I think I can do some wildcard domain thing, where I have my http server resolve any address to my site like:
*.example.com/webapp -> 192.0.2.1 (the actual ip of my server)
so:
a.example.com/webapp
b.example.com/webapp
c.example.com/webapp
all still point to (www.example.com/webapp
) but the browser considers them different domains, so I don't run into the 2 connection limit. Is this true?
Even if that is true - is there any limit to the number of active connections per browser, across all domains? Say I use the scheme above - does Firefox for example only allow 24 parallel connections at any given time? Something like:
1) a.example.com/webapp
2) www.download.example/hugefile.zip
3) b.example.com/webapp
4) c.example.com/webapp
...
24) x.example.com/webapp
25) // Error - all 24 possible connections currently in use!
I just picked 24 connections/Firefox as an example.
There is no definitive answer to this, as each browser has its own configuration for this, and this configuration may be changed.
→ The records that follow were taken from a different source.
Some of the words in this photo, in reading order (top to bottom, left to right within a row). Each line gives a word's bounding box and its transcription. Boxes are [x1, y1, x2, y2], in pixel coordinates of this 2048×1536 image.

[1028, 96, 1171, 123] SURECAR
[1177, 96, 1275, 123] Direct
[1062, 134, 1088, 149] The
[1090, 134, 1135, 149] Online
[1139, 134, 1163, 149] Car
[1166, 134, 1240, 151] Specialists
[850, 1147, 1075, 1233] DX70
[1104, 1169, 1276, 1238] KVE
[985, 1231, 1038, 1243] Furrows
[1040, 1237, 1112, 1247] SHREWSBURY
If you search on the internet you can find ways to change this limit (usually they're branded as "performance enhancement methods.") It might be worth advising your users to do so if it is required by your website.
Doing testing on a page I saw this behavior:
Edit: Seems that firefox 4 should be able to do 15 connections but that's not the behavior I observed.
Looking at
about:config
on Firefox 33 on GNU/Linux (Ubuntu), and searchingconnections
I found:That is likely to answer the part is there any limit to the number of active connections per browser, across all domain
skipped two properties...
(interesting, seems like they are not limited per server but have a default value lower than global http connections)
The 2 concurrent requests is an intentional part of the design of many browsers. There is a standard out there that "good http clients" adhere to on purpose. Check out this RFC to see why.
Note that increasing a browser's max connections per server to an excessive number (as some sites suggest) can and does lock other users out of small sites with hosting plans that limit the total simultaneous connections on the server.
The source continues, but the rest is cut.